Print every entry exactly once more, omitting each picture.
DATA PROVIDED below:
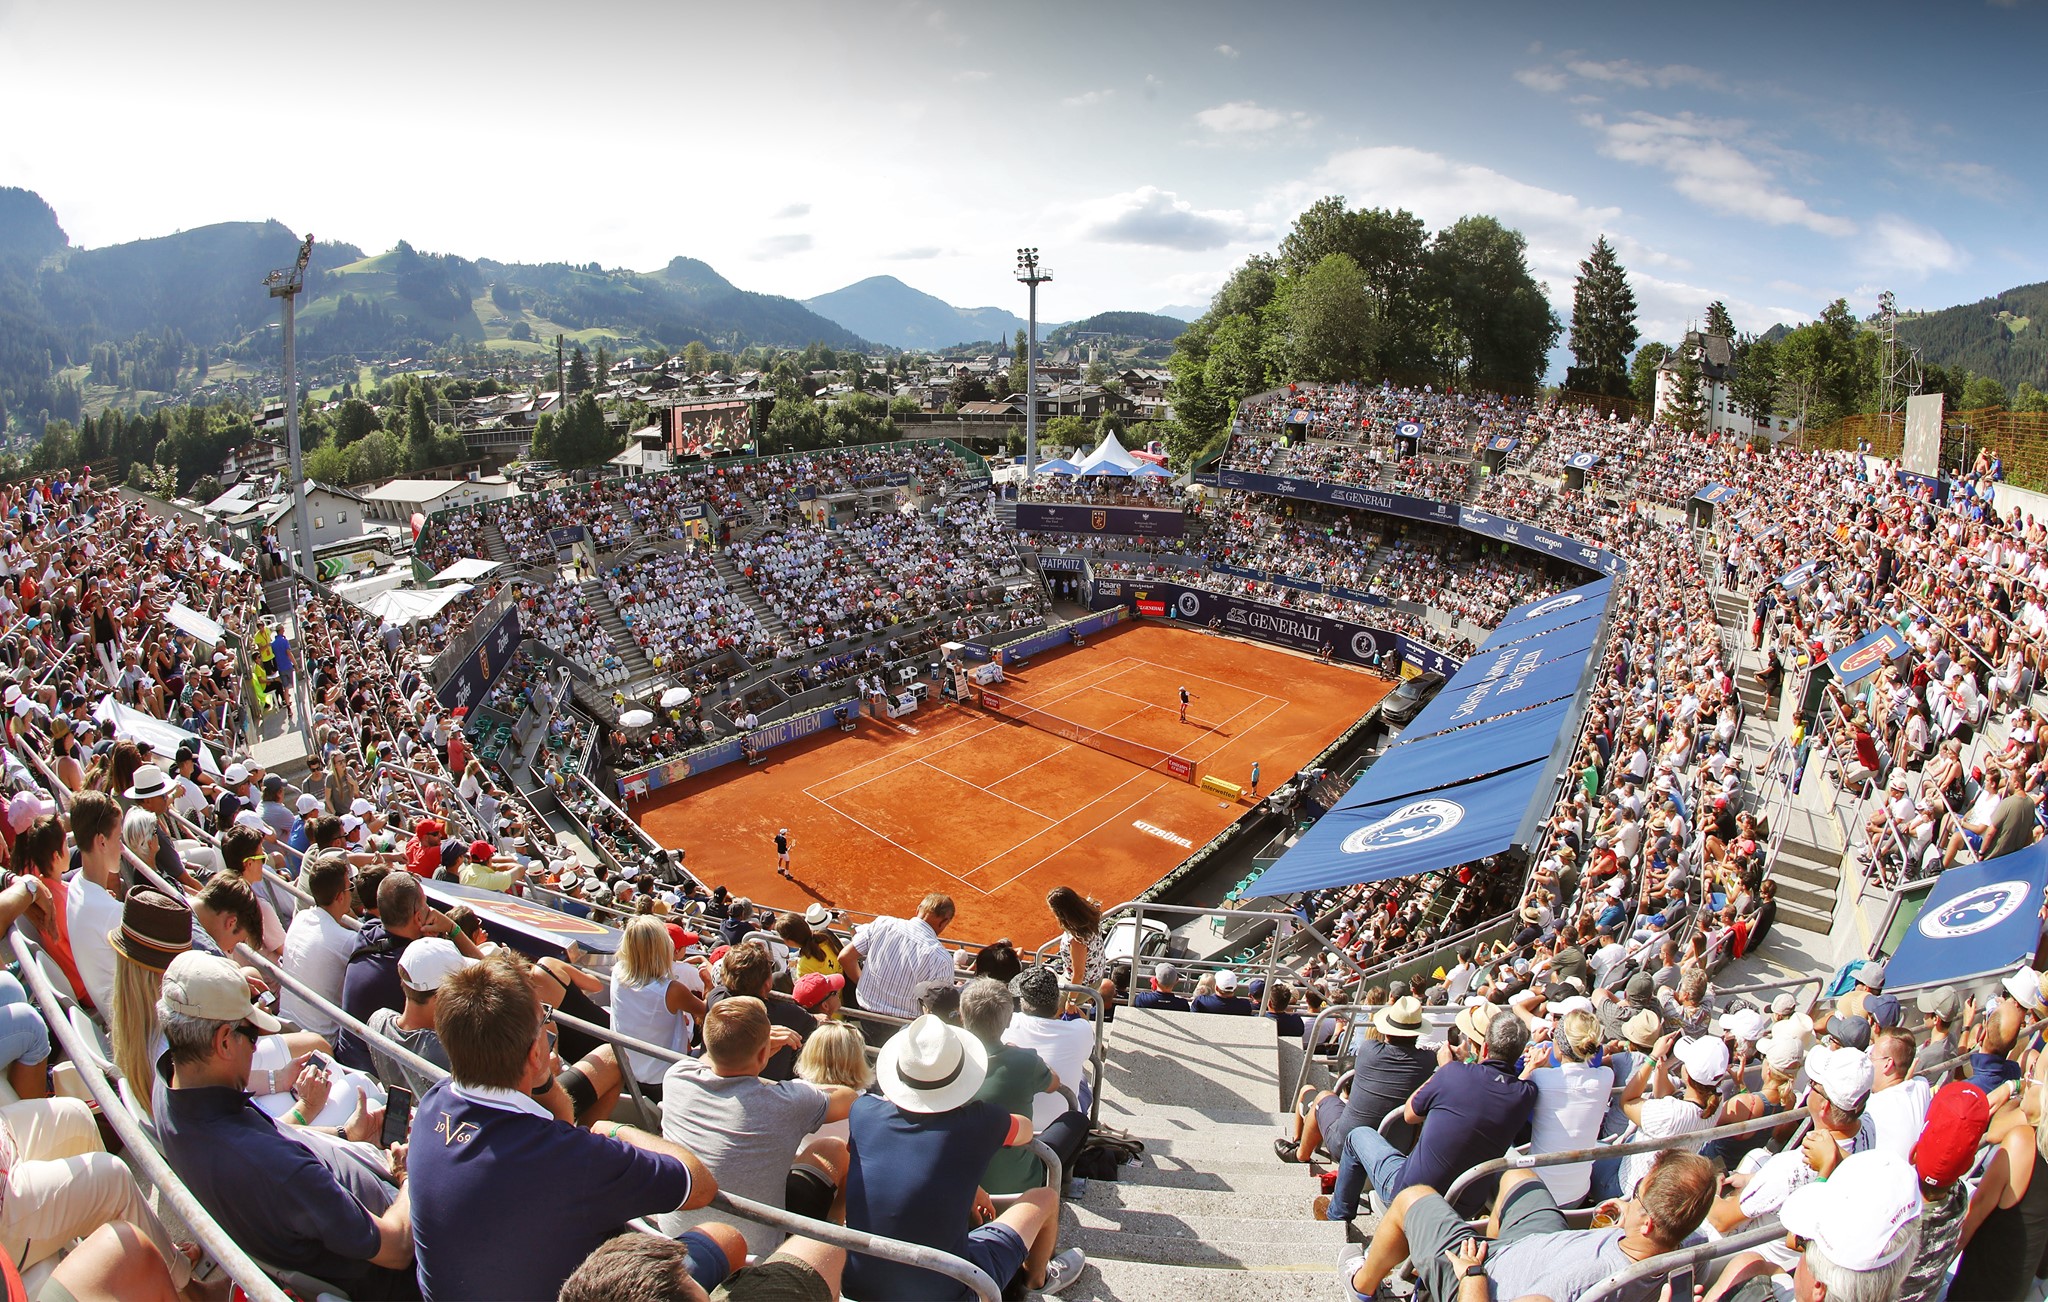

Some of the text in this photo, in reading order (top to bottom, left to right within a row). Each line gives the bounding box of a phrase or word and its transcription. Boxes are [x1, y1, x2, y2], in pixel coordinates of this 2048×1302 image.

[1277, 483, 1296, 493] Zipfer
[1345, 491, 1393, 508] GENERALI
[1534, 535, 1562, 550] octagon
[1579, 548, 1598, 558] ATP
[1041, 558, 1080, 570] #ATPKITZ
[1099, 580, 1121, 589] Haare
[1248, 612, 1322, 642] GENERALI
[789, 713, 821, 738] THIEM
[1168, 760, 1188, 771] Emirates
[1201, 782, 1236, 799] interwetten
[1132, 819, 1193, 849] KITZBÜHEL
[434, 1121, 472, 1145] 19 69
End of DATA PROVIDED.
# ANSWER BOX:
Some of the text in this photo, in reading order (top to bottom, left to right within a row). Each line gives the bounding box of a phrase or word and its transcription. Boxes are [x1, y1, x2, y2], in pixel coordinates of this 2048×1302 image.

[1277, 483, 1296, 493] Zipfer
[1345, 491, 1393, 508] GENERALI
[1534, 535, 1562, 550] octagon
[1579, 548, 1598, 558] ATP
[1041, 558, 1080, 570] #ATPKITZ
[1099, 580, 1121, 589] Haare
[1248, 612, 1322, 642] GENERALI
[789, 713, 821, 738] THIEM
[1168, 760, 1188, 771] Emirates
[1201, 782, 1236, 799] interwetten
[1132, 819, 1193, 849] KITZBÜHEL
[434, 1121, 472, 1145] 19 69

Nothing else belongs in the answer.